### Saved entries
*-*-*

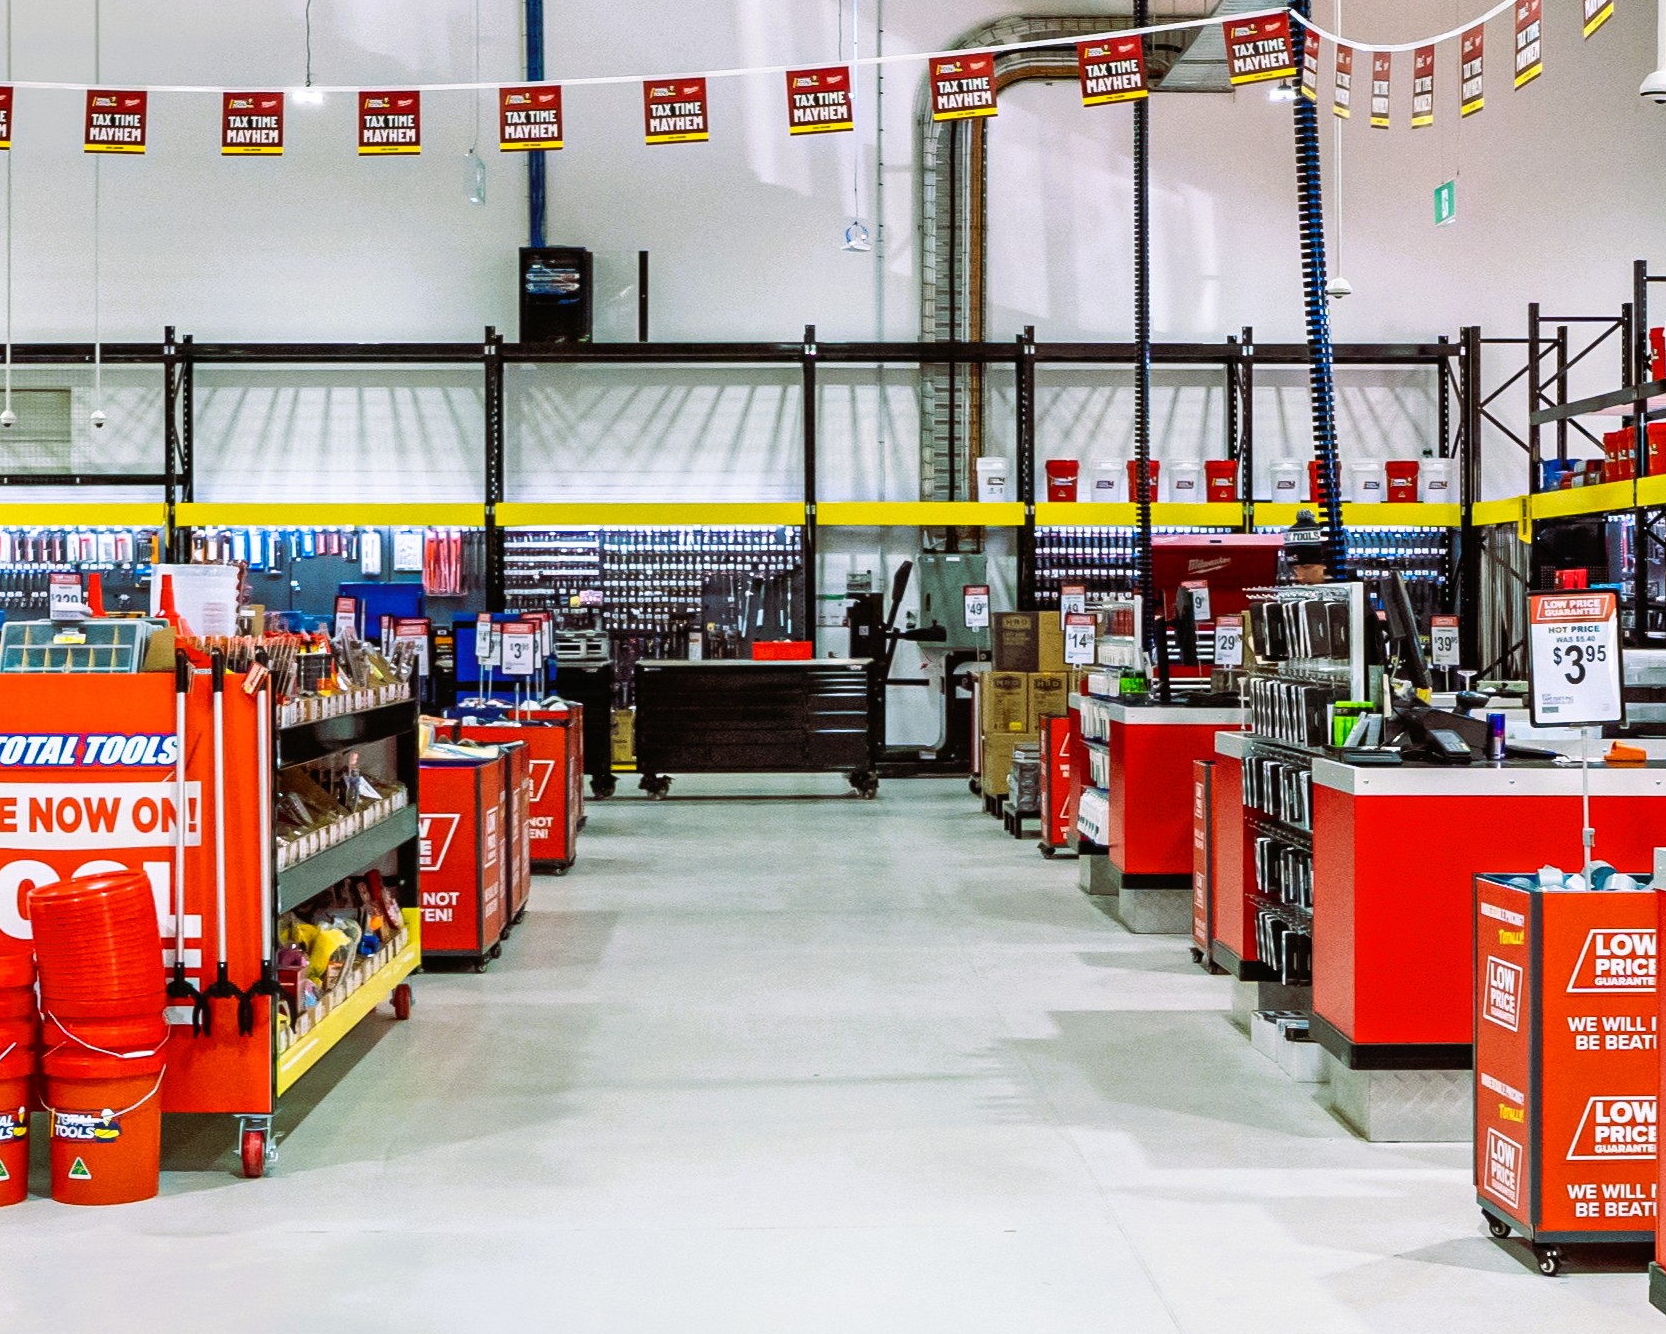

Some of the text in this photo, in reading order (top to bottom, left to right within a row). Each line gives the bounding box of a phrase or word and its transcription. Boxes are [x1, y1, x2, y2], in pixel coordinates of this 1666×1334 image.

[1232, 37, 1287, 59] TAX TIME
[1233, 50, 1290, 72] MAYHEM
[650, 102, 702, 118] TAX TIME
[650, 115, 703, 132] MAYHEM
[1187, 557, 1231, 572] Milwaukee
[1544, 598, 1601, 610] LOW PRICE
[1544, 608, 1601, 617] GUARANTEE
[1548, 625, 1600, 634] HOT PRICE
[83, 735, 179, 765] TOOLS
[28, 797, 121, 833] NOW
[422, 892, 460, 906] NOT
[1595, 934, 1656, 956] LOW
[1595, 958, 1656, 975] PRICE
[1490, 967, 1514, 989] LOW
[1490, 986, 1515, 1014] PRICE
[1567, 1017, 1646, 1032] WE WILL
[1575, 1035, 1600, 1050] BE
[55, 1124, 95, 1139] TOOLS

*-*-*

### Task to carry out
Leave out the pictures, then give all the records again exactly.

### Answer space
Some of the text in this photo, in reading order (top to bottom, left to right within a row). Each line gives the bounding box of a phrase or word and its transcription. Boxes are [x1, y1, x2, y2], in pixel coordinates of this 1666×1334 image.

[1232, 37, 1287, 59] TAX TIME
[1233, 50, 1290, 72] MAYHEM
[650, 102, 702, 118] TAX TIME
[650, 115, 703, 132] MAYHEM
[1187, 557, 1231, 572] Milwaukee
[1544, 598, 1601, 610] LOW PRICE
[1544, 608, 1601, 617] GUARANTEE
[1548, 625, 1600, 634] HOT PRICE
[83, 735, 179, 765] TOOLS
[28, 797, 121, 833] NOW
[422, 892, 460, 906] NOT
[1595, 934, 1656, 956] LOW
[1595, 958, 1656, 975] PRICE
[1490, 967, 1514, 989] LOW
[1490, 986, 1515, 1014] PRICE
[1567, 1017, 1646, 1032] WE WILL
[1575, 1035, 1600, 1050] BE
[55, 1124, 95, 1139] TOOLS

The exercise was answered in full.